■ **ACTIVITY**
Copy every line of the data exactly, keeping out any picture.

-------- THE DATA --------

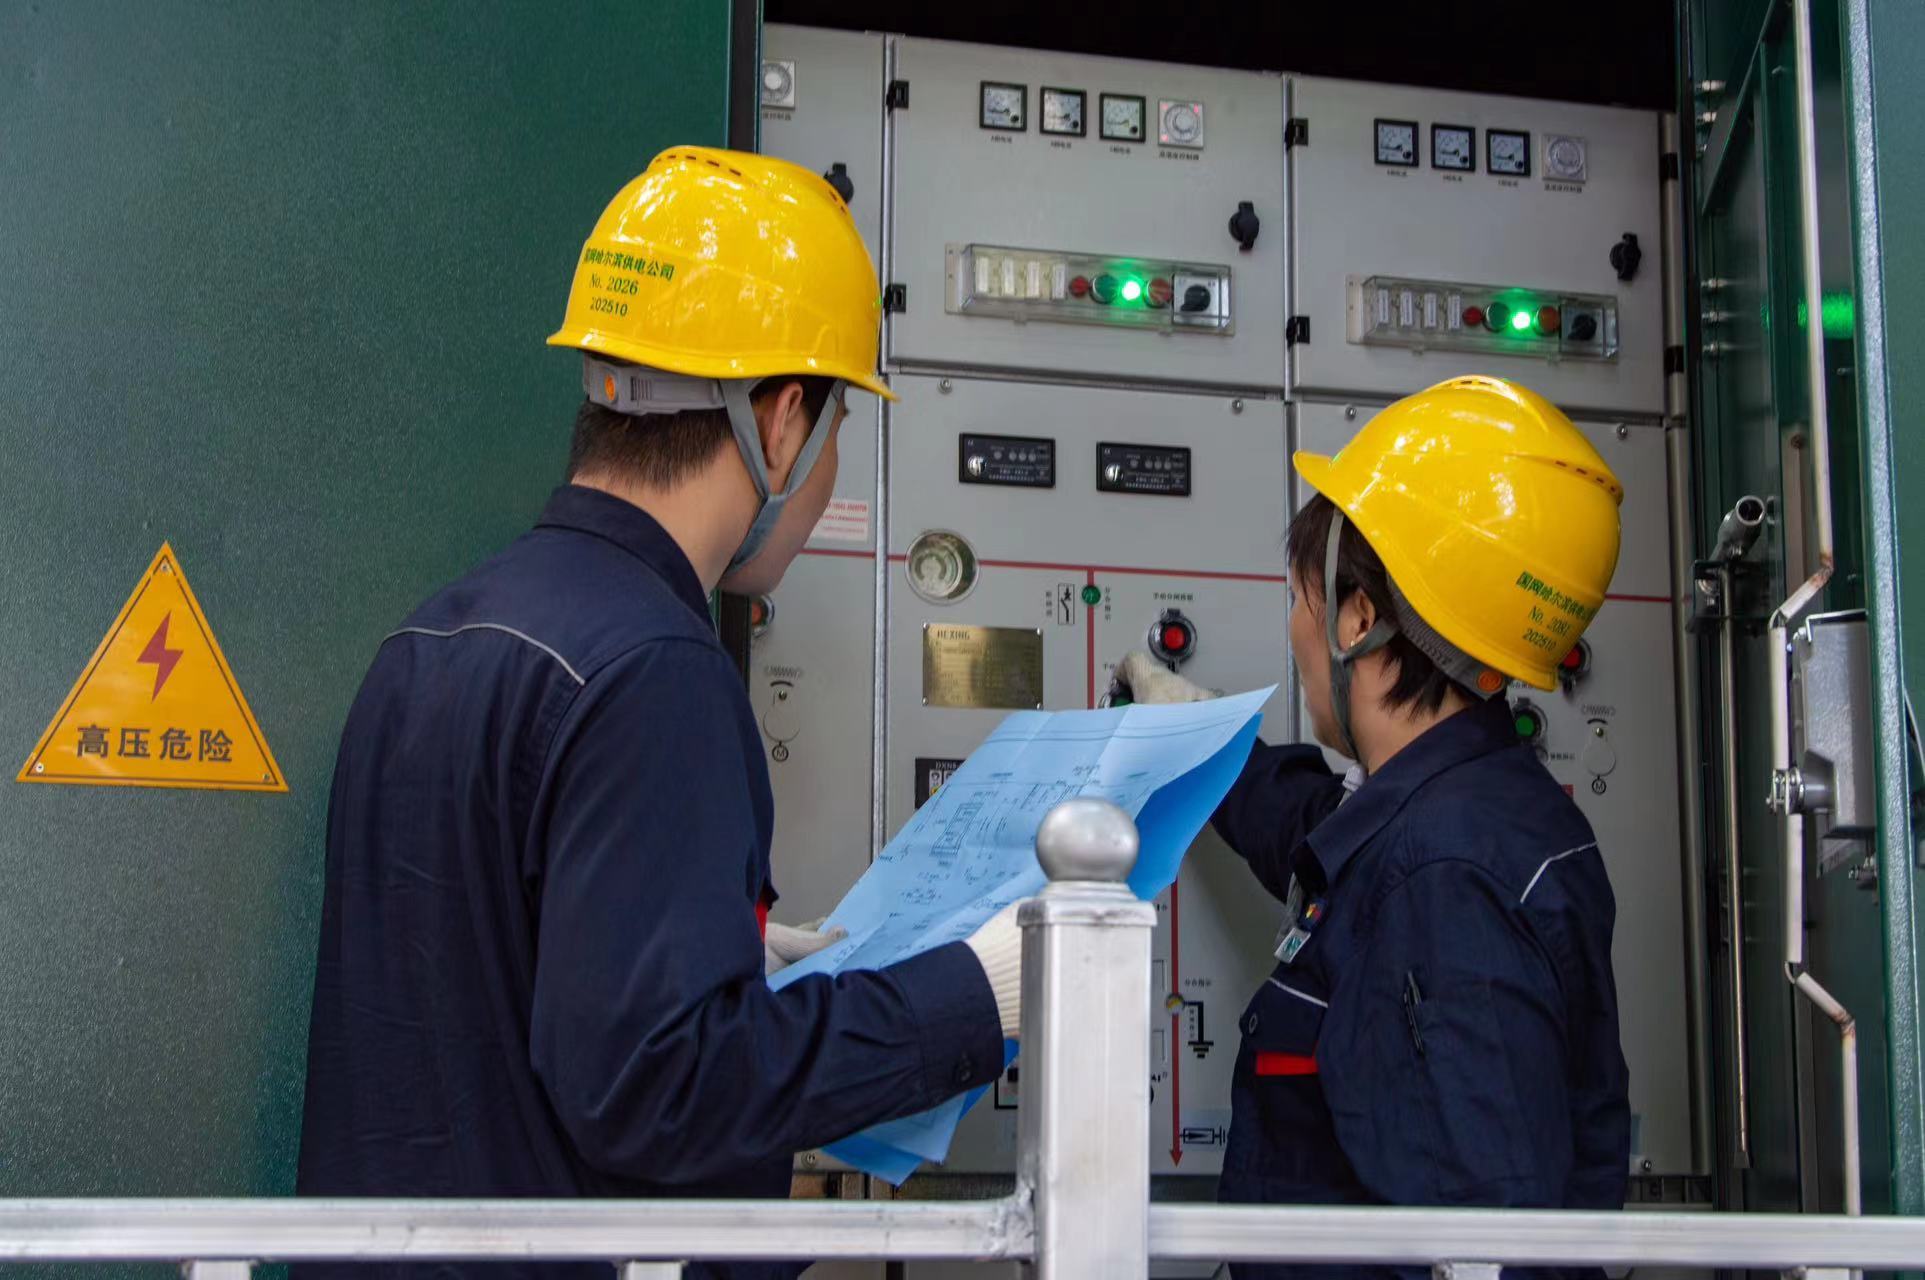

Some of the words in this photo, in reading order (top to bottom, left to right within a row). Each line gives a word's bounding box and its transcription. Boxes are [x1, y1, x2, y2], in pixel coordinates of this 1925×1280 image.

[606, 276, 640, 296] 2026
[590, 296, 628, 317] 202510
[76, 723, 233, 763] 高压危险
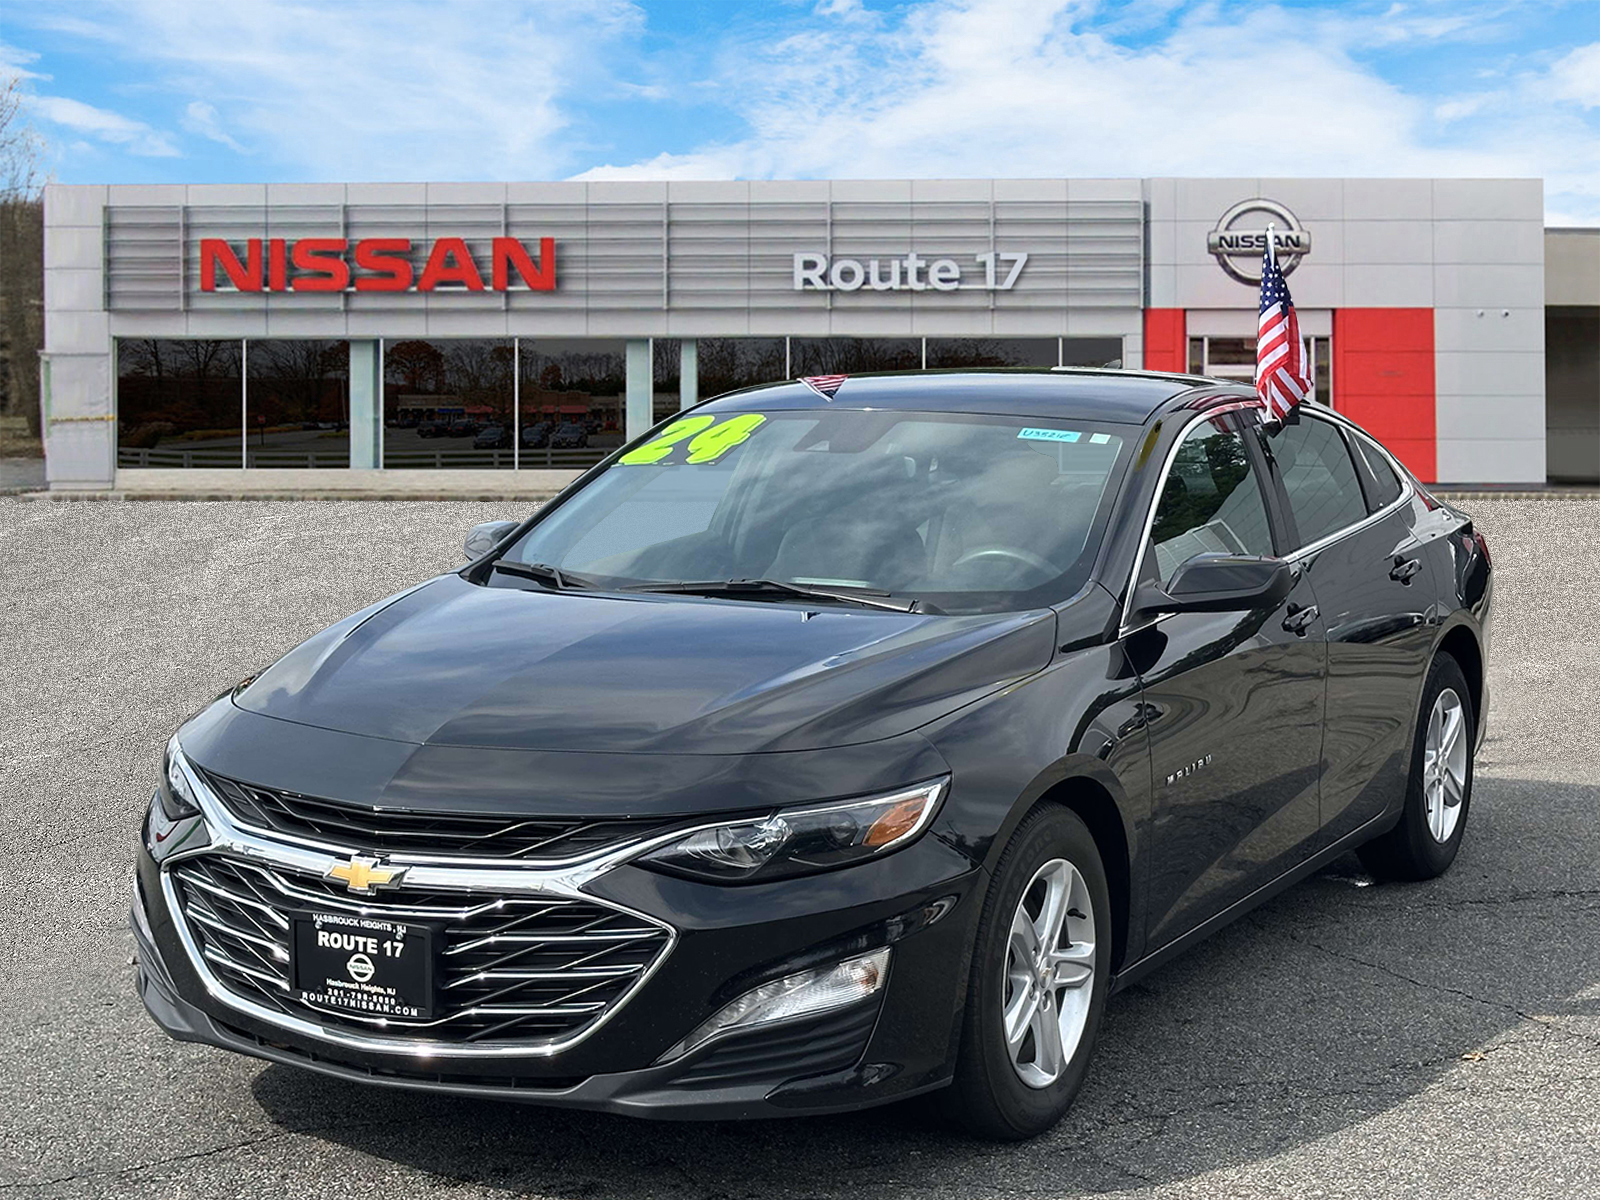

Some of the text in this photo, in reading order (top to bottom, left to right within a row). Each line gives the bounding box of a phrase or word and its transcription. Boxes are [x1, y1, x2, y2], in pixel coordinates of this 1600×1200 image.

[1219, 235, 1300, 248] NISSAN
[200, 237, 556, 292] NISSAN
[793, 252, 1029, 291] Route 17
[618, 413, 767, 465] 24
[1166, 754, 1212, 786] MALIBU
[312, 913, 359, 928] HASBROUCK
[317, 930, 405, 958] ROUTE 17
[301, 991, 418, 1017] ROUTE17NISSAN.COM

--------

■ **RESPONSE BELOW**
Some of the words in this photo, in reading order (top to bottom, left to right within a row). Each line gives a word's bounding box and its transcription. Boxes are [x1, y1, x2, y2], in pixel coordinates of this 1925×1280 image.

[606, 276, 640, 296] 2026
[590, 296, 628, 317] 202510
[76, 723, 233, 763] 高压危险

Some of the text in this photo, in reading order (top to bottom, left to right within a row). Each line gives the bounding box of a phrase or word and its transcription. Boxes are [x1, y1, x2, y2], in pixel coordinates of this 1600×1200 image.

[1219, 235, 1300, 248] NISSAN
[200, 237, 556, 292] NISSAN
[793, 252, 1029, 291] Route 17
[618, 413, 767, 465] 24
[1166, 754, 1212, 786] MALIBU
[312, 913, 359, 928] HASBROUCK
[317, 930, 405, 958] ROUTE 17
[301, 991, 418, 1017] ROUTE17NISSAN.COM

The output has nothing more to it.